I have the following Python code I am running in Databricks on a df of monthly employment by industry data.
The following code appends an empty df, calculates the YoY % change in employment by industry and shifts each series ahead by between 1 to 12 months and the newly estimated series added to the original df as a new column:
> # Forecast df parameters: index, column names
index = pd.date_range('2022-11-30', periods=13, freq='M')
columns = summary_table_empl.columns.to_list()
# Append history + empty df
df_forecast = pd.DataFrame(index=index, columns=columns)
df_test_empl=pd.concat([summary_table_empl, df_forecast])
# New df, calculate yoy percent change for every commodity (col)

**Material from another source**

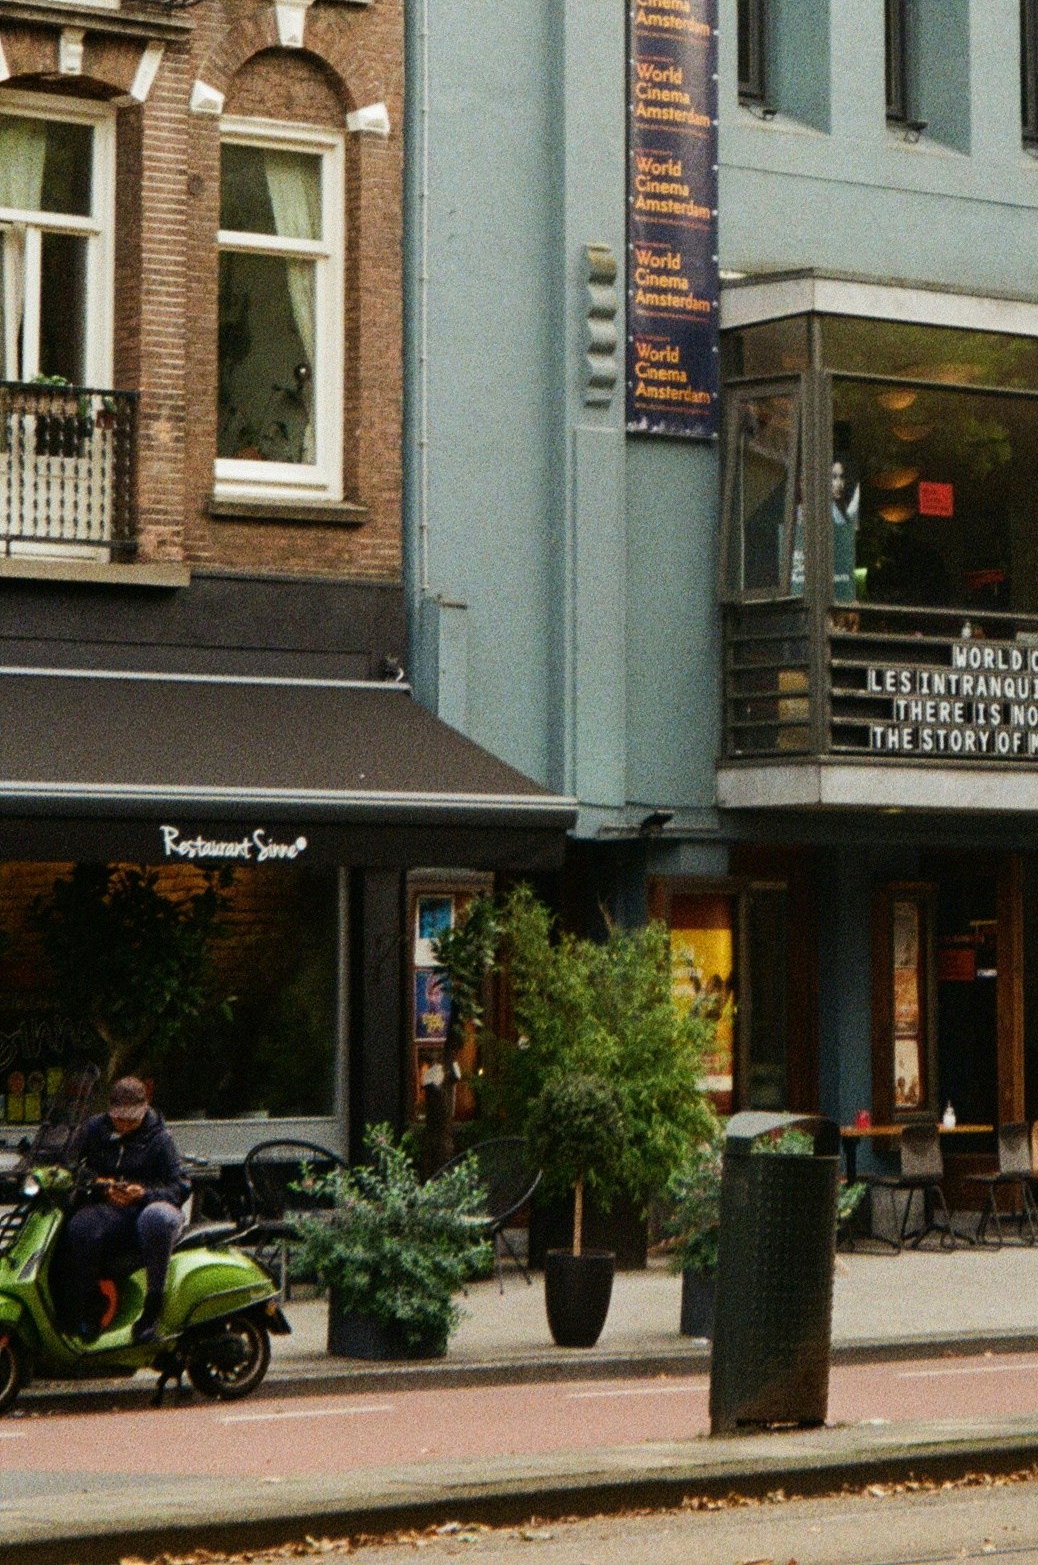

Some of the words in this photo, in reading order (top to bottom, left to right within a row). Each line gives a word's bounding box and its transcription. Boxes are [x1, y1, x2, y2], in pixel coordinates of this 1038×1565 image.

df_CA_empl_test_yoy= ((df_test_empl - df_test_empl.shift(12))/df_test_empl.shift(12))*100
# Extend each variable as a series from 1 to 12 months
for col in df_CA_empl_test_yoy.columns:
for i in range(1,13):
df_CA_empl_test_yoy["%s_%s"%(col,i)] = df_CA_empl_test_yoy[col].shift(i)
df_CA_empl_test_yoy.head(15)
The code works, however I am getting this warning:
PerformanceWarning: DataFrame is highly fragmented. This is usually the result of calling
frame.insert
many times, which has poor performance. Consider joining all columns at once using pd.concat(axis=1) instead. To get a de-fragmented frame, usenewframe = frame.copy()
df_CA_empl_test_yoy["%s_%s"%(col,i)] = df_CA_empl_test_yoy[col].shift(i)
How do I modify my code to get rid of this warning message?